Objectives and Loss Functions

An objective is the quantity we want to optimize.

A loss function is an objective we usually want to minimize.

For a prediction yhat and target y, a simple squared loss is:

L=(yhaty)2L = (yhat - y)^2

The loss is a number. That sounds simple, but it is a major design choice.

Once behavior becomes a number, we can compare two models, compute gradients, and update parameters.

This number is not the whole task. It is a proxy. A proxy is useful because the optimizer can work with it, but it can also hide what the reader or user actually cares about.

Why Loss Exists

A model does not know what "better" means unless we define it.

The loss function turns model behavior into a number that can be compared, differentiated, and reduced.

For example, if a prediction is 5 and the target is 3, squared loss gives 4. If another prediction is 4, squared loss gives 1. Under this loss, the second prediction is better.

Objective Versus Metric

A training loss is the number the optimizer directly uses.

A metric is often the number humans care about when evaluating a model.

They can be different. A classifier may train with cross-entropy while people also report accuracy. Cross-entropy gives smoother gradient information than a simple correct-or-incorrect count.

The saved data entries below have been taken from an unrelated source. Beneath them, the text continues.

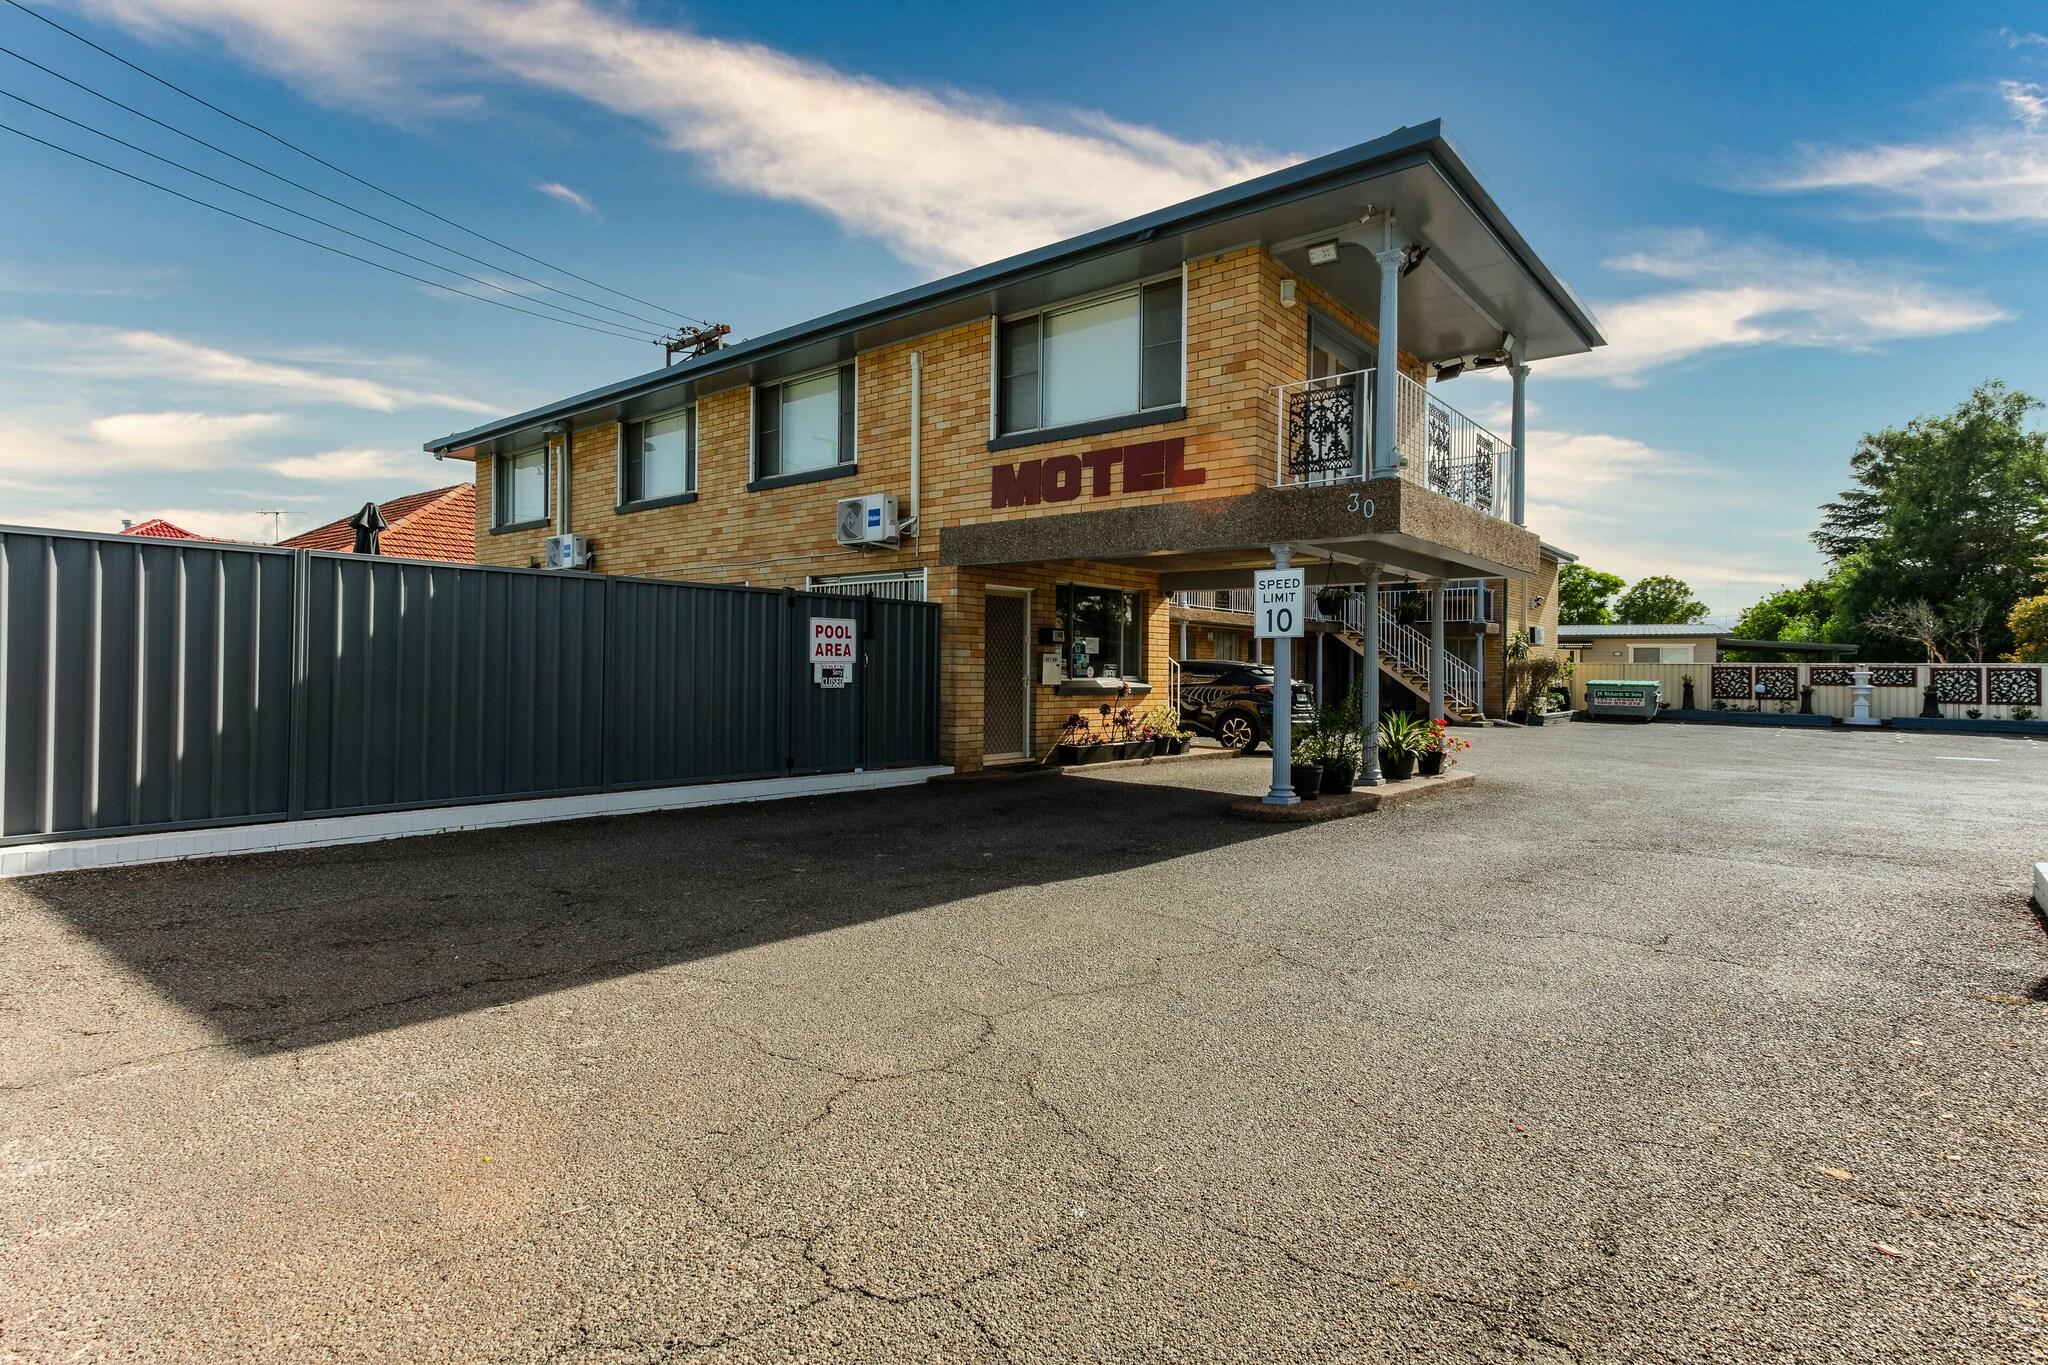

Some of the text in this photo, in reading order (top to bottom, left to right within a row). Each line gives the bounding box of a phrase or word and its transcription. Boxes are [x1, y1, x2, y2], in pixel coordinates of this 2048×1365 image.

[991, 437, 1206, 509] MOTEL
[1347, 493, 1375, 518] 30
[1258, 578, 1301, 590] SPEED
[1263, 592, 1296, 604] LIMIT
[1266, 608, 1293, 632] 10
[815, 625, 852, 639] POOL
[815, 643, 852, 656] AREA

That is why a training loss can improve while a reported metric stays flat for a while. The optimizer may be receiving smaller, smoother signals than the final metric reveals.

ML Reading

Different tasks use different losses.

  • regression often uses squared or absolute error
  • classification often uses cross-entropy
  • reinforcement learning uses objectives built from rewards
MATH-C09-T02-001Exercise: Compute squared loss

Let yhat = 5 and y = 3.

Compute (yhat - y)^2.

Compute it first, then check your number.

Hint
First compute the difference.
Solution

(5 - 3)^2 = 2^2 = 4. The loss first measures the prediction error, then squares it to produce the objective value.

MATH-C09-T02-002Exercise: Compare two predictions

Target y = 3. Prediction A is 5, prediction B is 4.

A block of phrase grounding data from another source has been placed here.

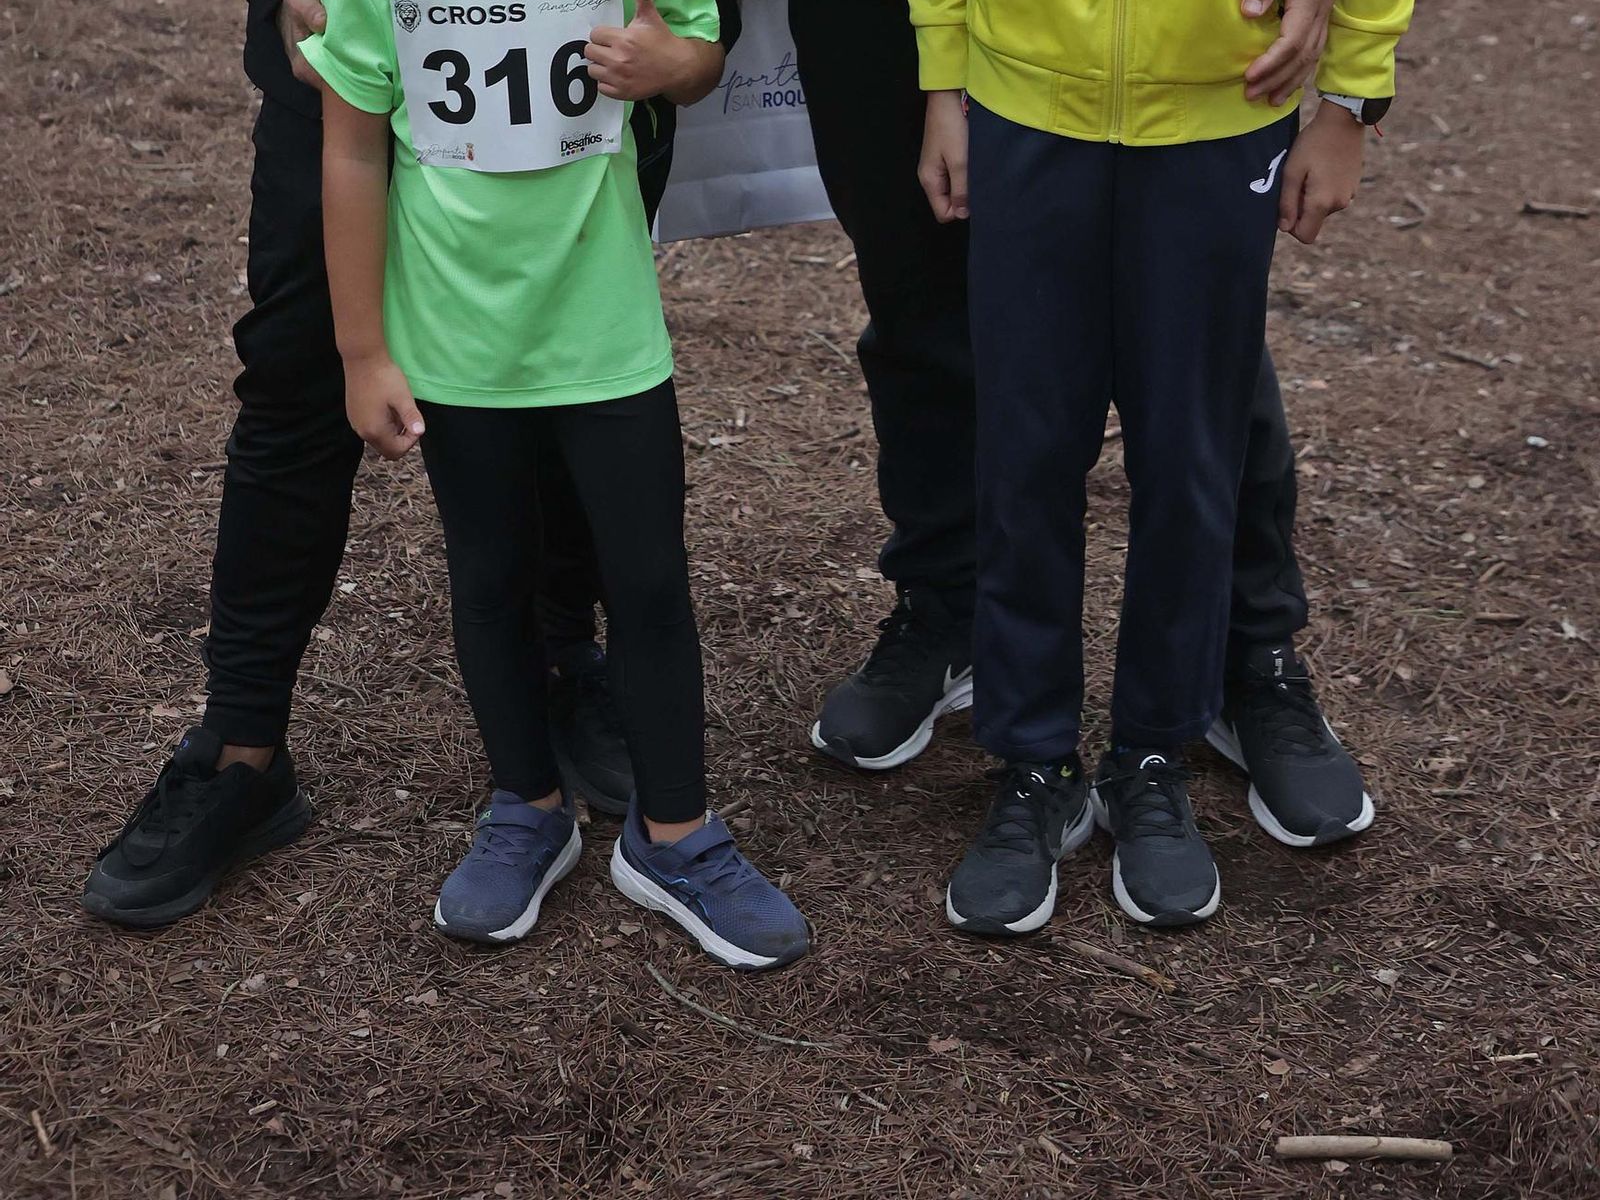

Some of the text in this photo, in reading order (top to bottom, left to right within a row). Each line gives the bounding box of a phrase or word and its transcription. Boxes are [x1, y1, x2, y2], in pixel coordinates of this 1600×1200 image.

[428, 3, 526, 26] CROSS
[422, 39, 599, 125] 316
[560, 133, 603, 152] Desafíos
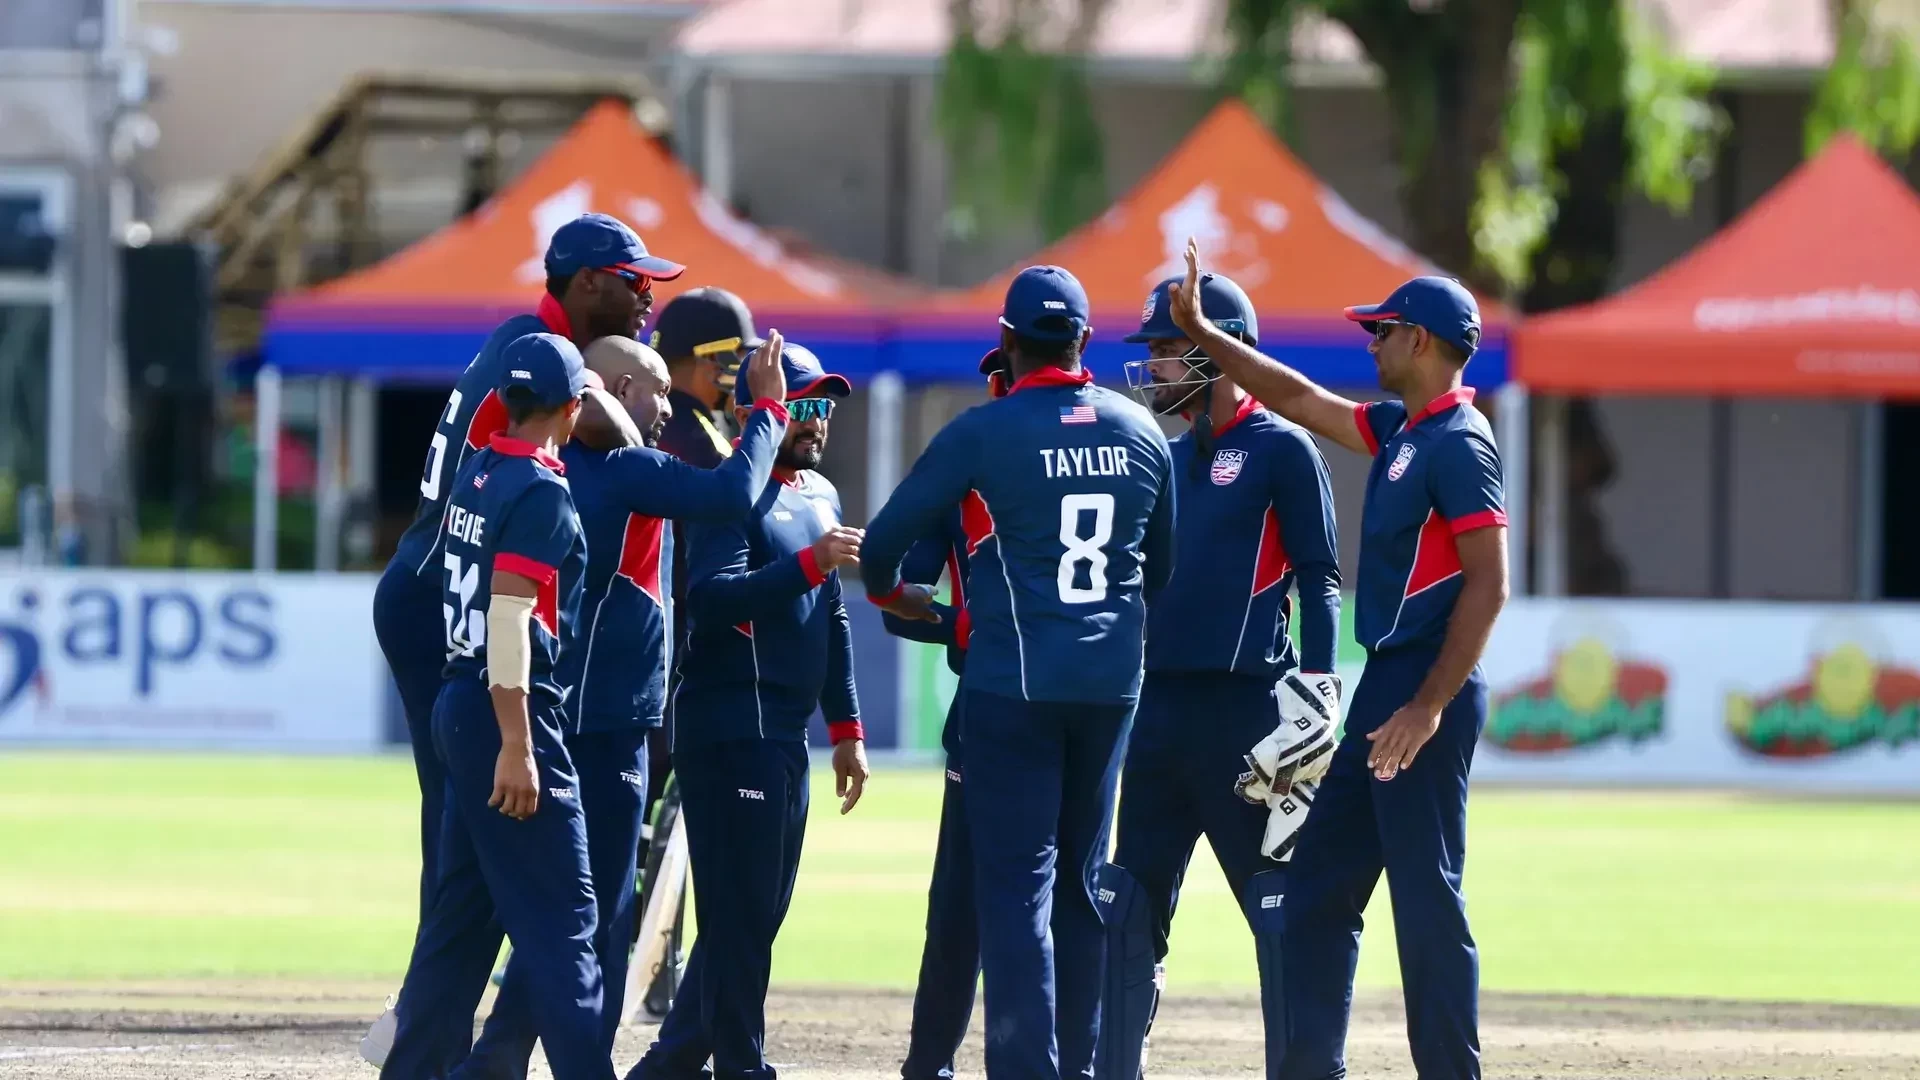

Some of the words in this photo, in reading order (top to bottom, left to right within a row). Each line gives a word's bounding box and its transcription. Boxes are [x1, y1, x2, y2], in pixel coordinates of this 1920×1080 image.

[1217, 451, 1244, 462] USA
[1399, 445, 1414, 460] USA
[1040, 446, 1130, 478] TAYLOR
[1057, 493, 1115, 604] 8
[738, 788, 764, 801] TYKA

Under squared loss, which prediction has lower loss: A or B?

Answer it first, then check.

Hint

Compute (yhat - y)^2 for both predictions.

Solution

Prediction A has loss (5 - 3)^2 = 4. Prediction B has loss (4 - 3)^2 = 1. Prediction B has lower loss.

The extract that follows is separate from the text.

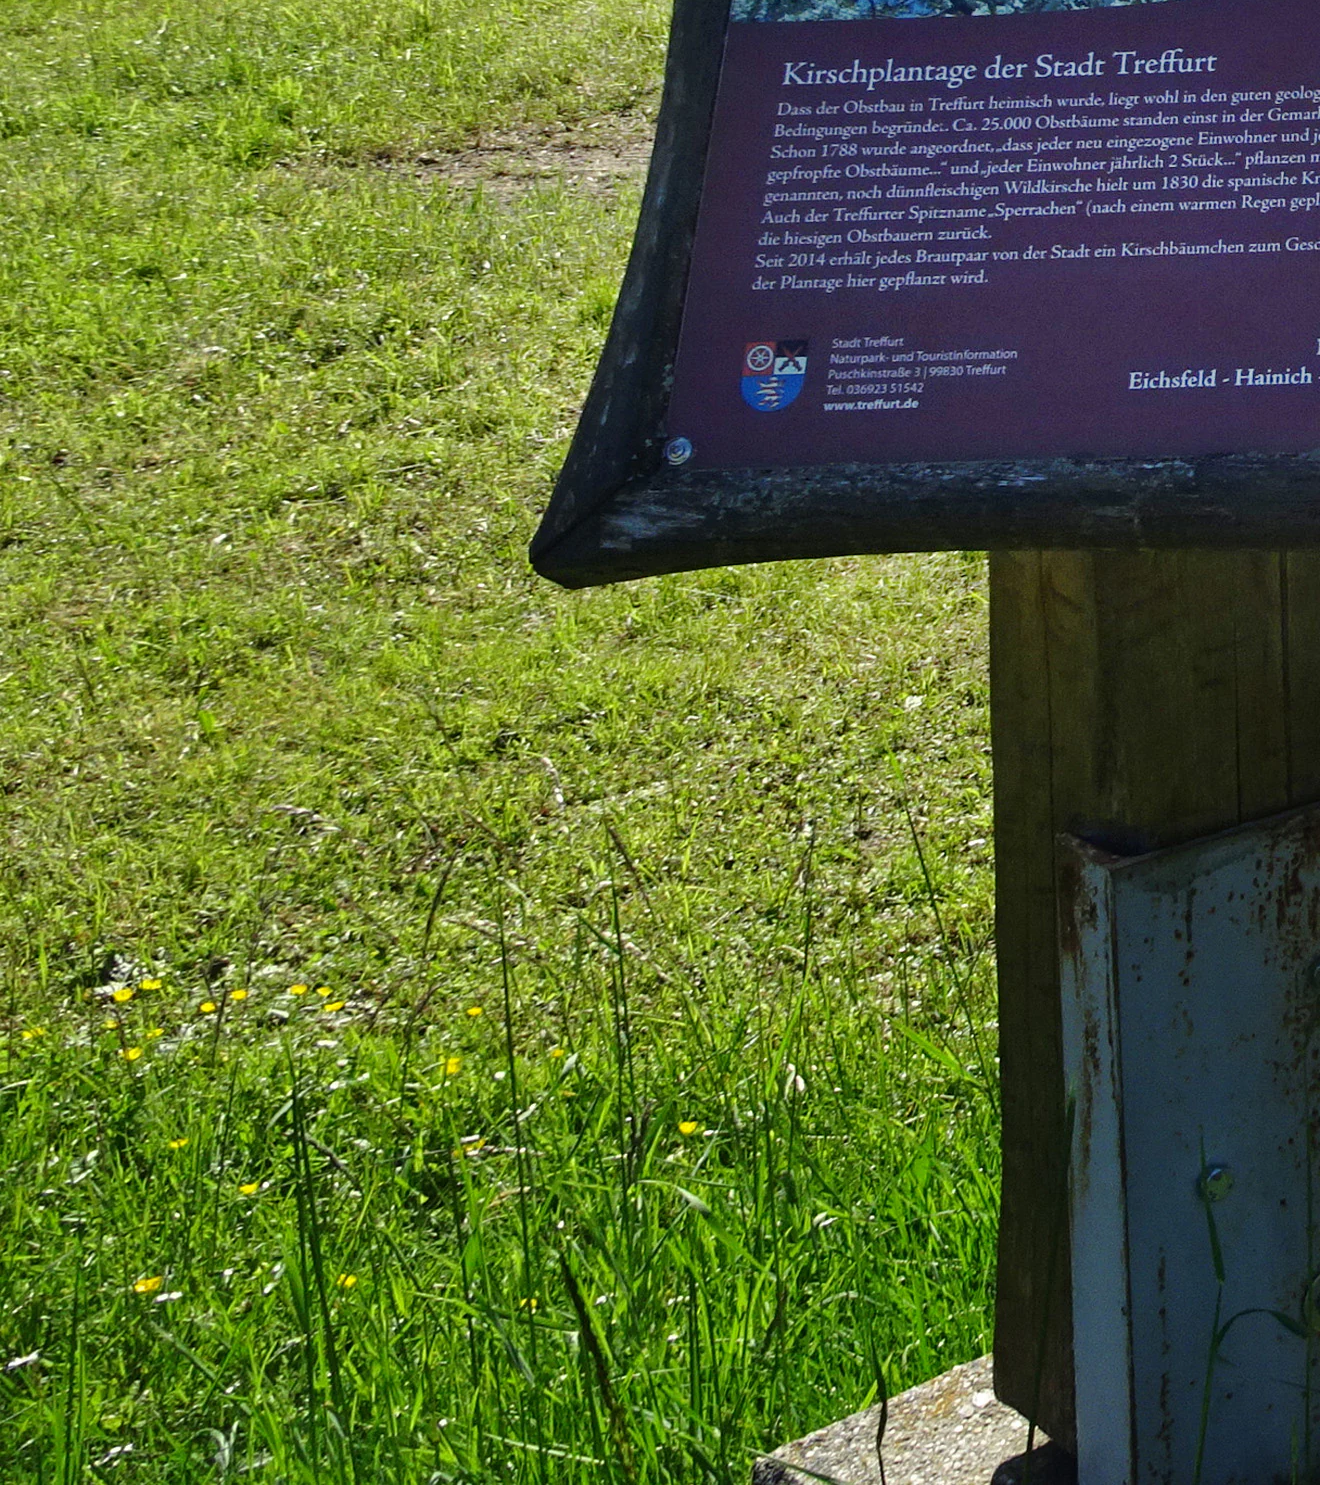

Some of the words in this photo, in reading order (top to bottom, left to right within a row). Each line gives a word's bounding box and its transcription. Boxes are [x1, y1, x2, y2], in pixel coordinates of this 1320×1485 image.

MATH-C09-T02-003Exercise: Training loss or evaluation metric

Is the training loss always the same number as the metric humans report?

Answer it first, then check.

Hint

The lesson compares cross-entropy and accuracy.

Solution

No. The optimizer may use one loss for training while humans report a different metric for evaluation.

MATH-C09-T02-004Exercise: Bad objective warning

If the objective is badly chosen, can optimization improve the wrong thing?

Answer it first, then check.

Hint

Optimization follows the objective it is given.

Solution

Yes. Optimization can faithfully reduce a number even when that number does not match the behavior we actually want.

MATH-C09-T02-005Exercise: Proxy, not the full task

Enter 1 if a loss function is usually a trainable proxy for the behavior we want, not the full behavior itself.

Compute it first, then check your number.

Hint

Ask whether one number can contain every human judgment about model behavior.

Solution

Enter 1. The loss is the number the optimizer follows. It should be aligned with the desired behavior, but it is still a proxy.

Before Moving On

The loss function defines what the training process tries to improve.